Présentation
Le rapport entre propriété et souveraineté est un thème riche et bien connu, ne serait-ce que par la garantie du droit naturel à la propriété, qui est l'un des fondements de la souveraineté pour les philosophes des Lumières.
A l'époque contemporaine et sous un angle plus technique, le rapport entre propriété et souveraineté a été mis en lumière dès 1927 par un célèbre article de Morris R. Cohen, « Property and Sovereignty » qui montrait déjà comment la propriété ne relève pas exclusivement des rapports privés ni la souveraineté de la sphère publique, bien que la propriété relève classiquement du dominium sur les choses qui devrait être strictement distingué de l'imperium exercé par l'Etat sur le territoire.
Aussi stimulant qu'il soit, l'article de Morris R. Cohen est très délimité dans son objet : il traite, dans le seul cadre intellectuel de l'Angleterre du début du XXe siècle, des atteintes à la propriété qui seraient justifiées par des considérations qui lui sont étrangères, dans le contexte du développement international du communisme.

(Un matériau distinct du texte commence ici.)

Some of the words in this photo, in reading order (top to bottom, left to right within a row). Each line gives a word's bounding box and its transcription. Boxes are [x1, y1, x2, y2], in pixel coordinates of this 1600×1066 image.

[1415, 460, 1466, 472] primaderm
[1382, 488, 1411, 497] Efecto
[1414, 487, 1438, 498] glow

Il nous apprend que les notions de propriété et de souveraineté ne se construisent pas dans un rapport d'opposition, mais également de complémentarité.
La considération selon laquelle le droit de propriété devrait être aménagé pour assurer des considérations d'ordre public a prospéré jusqu'à devenir un sujet classique, en droit public comme en droit privé, en France et dans le monde. Mais c'est évidemment un regard contemporain que nous voudrions porter, en prolongeant les visions classiques de la common law, du domaine public, de l'histoire du droit et du droit international public, par les évolutions juridiques qu'entraînent les nouveaux outils technologiques fondateurs de nouveaux rapports économiques dans un contexte de mondialisation.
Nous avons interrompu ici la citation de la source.